» Exercise brief
From the first line to the last, set down the material exactly, leaving out its pictures.

» Stored data
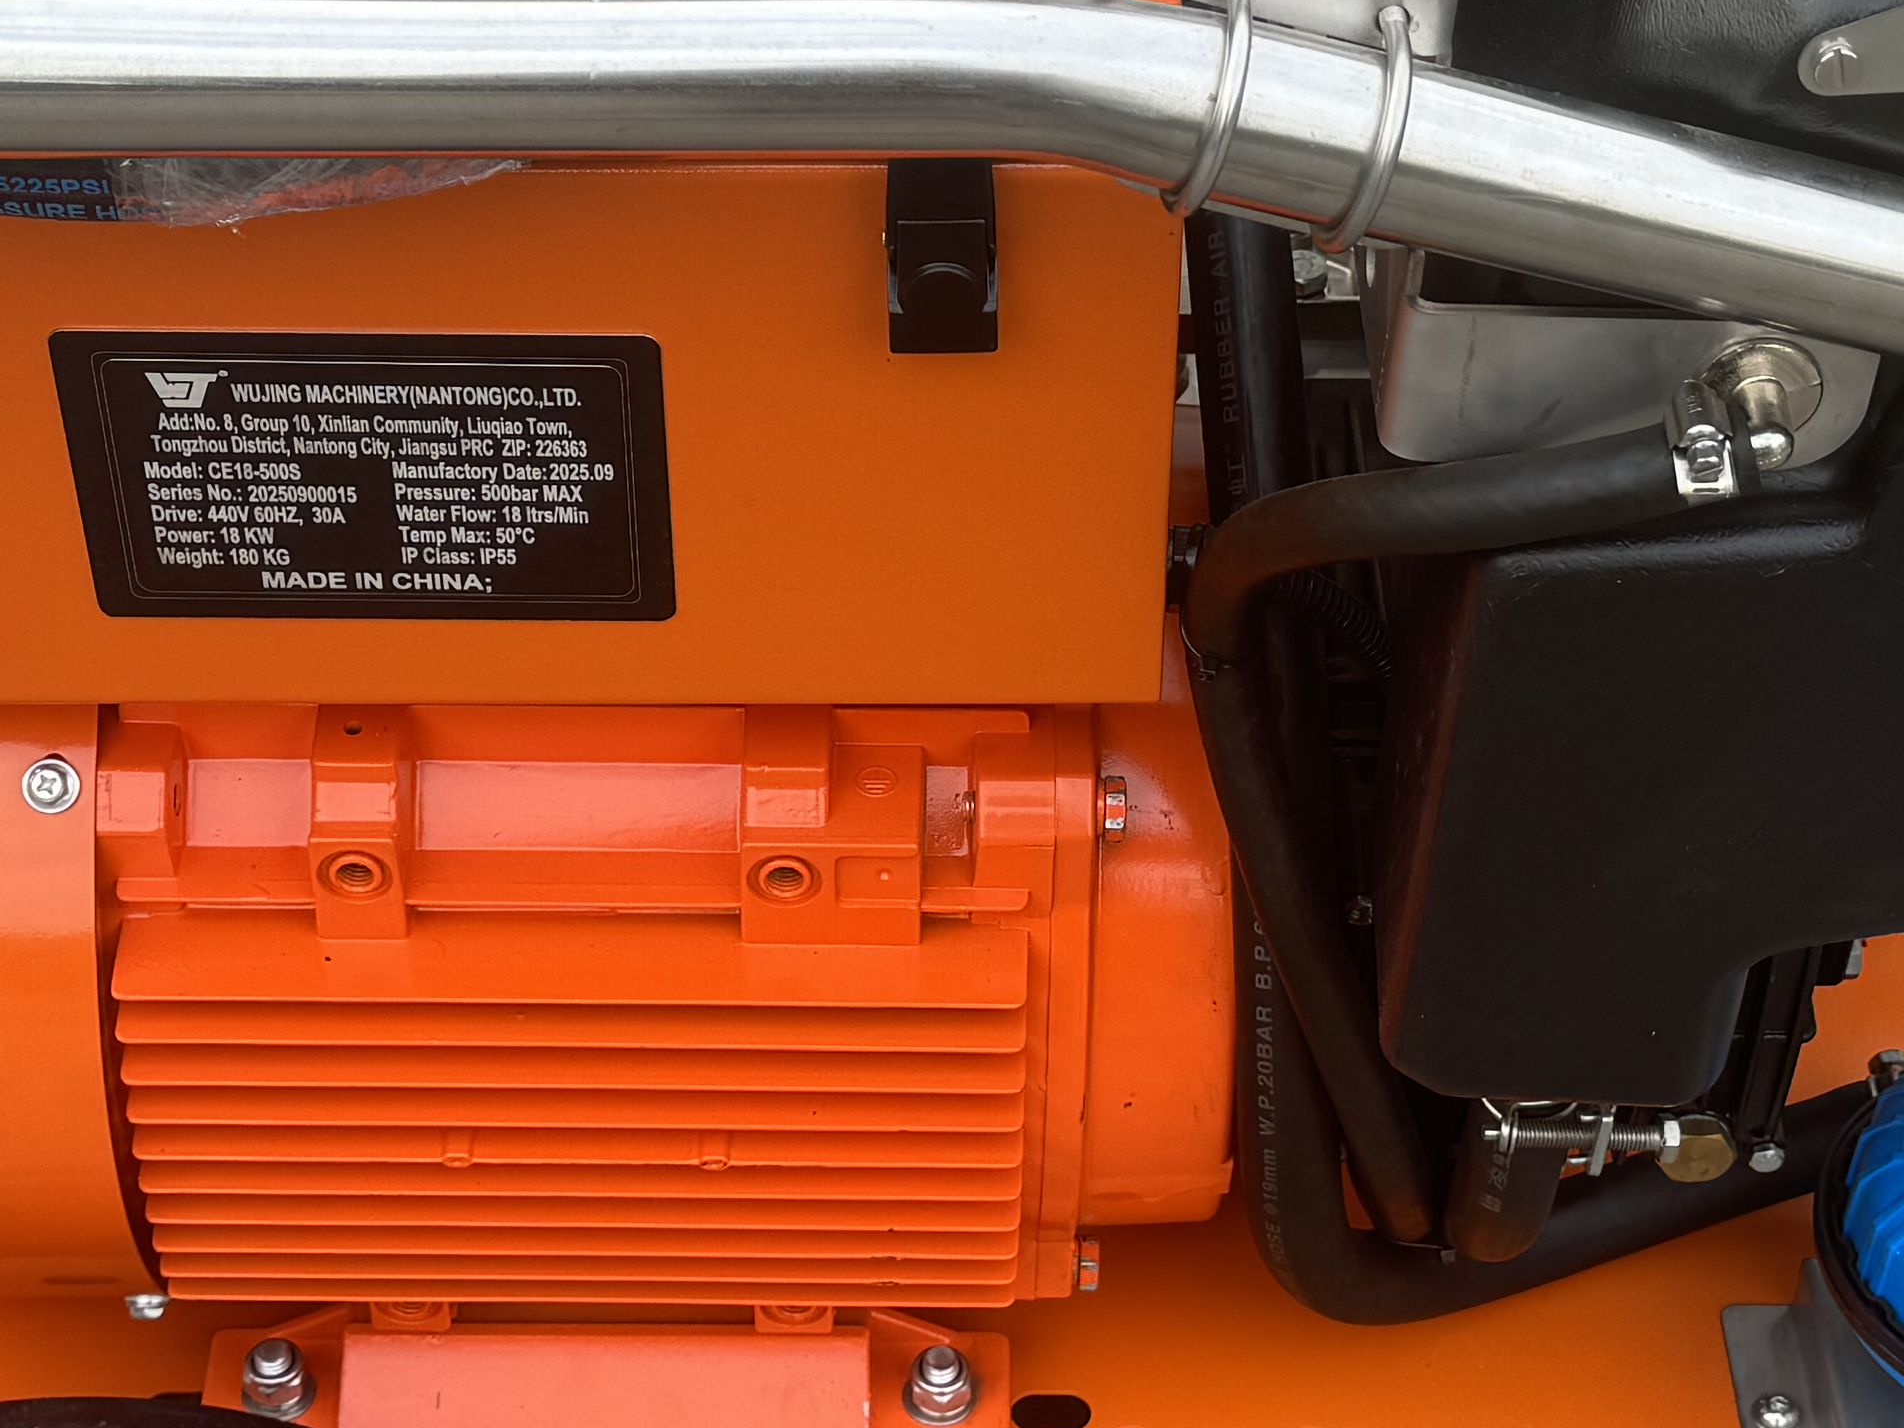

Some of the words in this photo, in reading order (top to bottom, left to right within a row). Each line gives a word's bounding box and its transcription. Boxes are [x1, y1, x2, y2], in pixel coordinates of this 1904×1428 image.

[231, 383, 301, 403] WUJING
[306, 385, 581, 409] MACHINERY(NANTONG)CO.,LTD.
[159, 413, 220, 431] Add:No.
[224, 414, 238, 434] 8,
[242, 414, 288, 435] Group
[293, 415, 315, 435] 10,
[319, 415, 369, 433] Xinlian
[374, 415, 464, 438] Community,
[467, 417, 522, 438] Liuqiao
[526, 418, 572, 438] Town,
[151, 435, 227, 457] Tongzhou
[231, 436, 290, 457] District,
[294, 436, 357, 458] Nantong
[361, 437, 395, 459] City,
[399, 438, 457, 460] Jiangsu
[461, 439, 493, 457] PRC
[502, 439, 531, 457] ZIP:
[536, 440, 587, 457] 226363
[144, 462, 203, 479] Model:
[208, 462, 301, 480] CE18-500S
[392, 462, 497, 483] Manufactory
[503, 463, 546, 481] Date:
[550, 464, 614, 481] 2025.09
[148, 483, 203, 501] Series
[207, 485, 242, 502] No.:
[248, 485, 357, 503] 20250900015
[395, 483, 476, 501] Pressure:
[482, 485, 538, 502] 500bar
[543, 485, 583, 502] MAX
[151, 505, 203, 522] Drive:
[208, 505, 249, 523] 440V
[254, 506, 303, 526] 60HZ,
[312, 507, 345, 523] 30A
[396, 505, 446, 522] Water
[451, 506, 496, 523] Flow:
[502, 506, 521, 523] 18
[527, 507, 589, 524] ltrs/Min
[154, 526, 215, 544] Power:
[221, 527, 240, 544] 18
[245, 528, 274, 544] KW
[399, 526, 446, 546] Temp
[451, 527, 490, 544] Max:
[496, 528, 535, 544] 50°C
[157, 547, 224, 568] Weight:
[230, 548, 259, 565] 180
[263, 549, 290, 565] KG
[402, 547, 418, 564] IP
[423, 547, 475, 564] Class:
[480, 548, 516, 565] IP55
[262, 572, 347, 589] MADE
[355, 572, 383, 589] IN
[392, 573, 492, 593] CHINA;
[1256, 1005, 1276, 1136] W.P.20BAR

» Task result
Some of the words in this photo, in reading order (top to bottom, left to right within a row). Each line gives a word's bounding box and its transcription. Boxes are [x1, y1, x2, y2], in pixel coordinates of this 1904×1428 image.

[231, 383, 301, 403] WUJING
[306, 385, 581, 409] MACHINERY(NANTONG)CO.,LTD.
[159, 413, 220, 431] Add:No.
[224, 414, 238, 434] 8,
[242, 414, 288, 435] Group
[293, 415, 315, 435] 10,
[319, 415, 369, 433] Xinlian
[374, 415, 464, 438] Community,
[467, 417, 522, 438] Liuqiao
[526, 418, 572, 438] Town,
[151, 435, 227, 457] Tongzhou
[231, 436, 290, 457] District,
[294, 436, 357, 458] Nantong
[361, 437, 395, 459] City,
[399, 438, 457, 460] Jiangsu
[461, 439, 493, 457] PRC
[502, 439, 531, 457] ZIP:
[536, 440, 587, 457] 226363
[144, 462, 203, 479] Model:
[208, 462, 301, 480] CE18-500S
[392, 462, 497, 483] Manufactory
[503, 463, 546, 481] Date:
[550, 464, 614, 481] 2025.09
[148, 483, 203, 501] Series
[207, 485, 242, 502] No.:
[248, 485, 357, 503] 20250900015
[395, 483, 476, 501] Pressure:
[482, 485, 538, 502] 500bar
[543, 485, 583, 502] MAX
[151, 505, 203, 522] Drive:
[208, 505, 249, 523] 440V
[254, 506, 303, 526] 60HZ,
[312, 507, 345, 523] 30A
[396, 505, 446, 522] Water
[451, 506, 496, 523] Flow:
[502, 506, 521, 523] 18
[527, 507, 589, 524] ltrs/Min
[154, 526, 215, 544] Power:
[221, 527, 240, 544] 18
[245, 528, 274, 544] KW
[399, 526, 446, 546] Temp
[451, 527, 490, 544] Max:
[496, 528, 535, 544] 50°C
[157, 547, 224, 568] Weight:
[230, 548, 259, 565] 180
[263, 549, 290, 565] KG
[402, 547, 418, 564] IP
[423, 547, 475, 564] Class:
[480, 548, 516, 565] IP55
[262, 572, 347, 589] MADE
[355, 572, 383, 589] IN
[392, 573, 492, 593] CHINA;
[1256, 1005, 1276, 1136] W.P.20BAR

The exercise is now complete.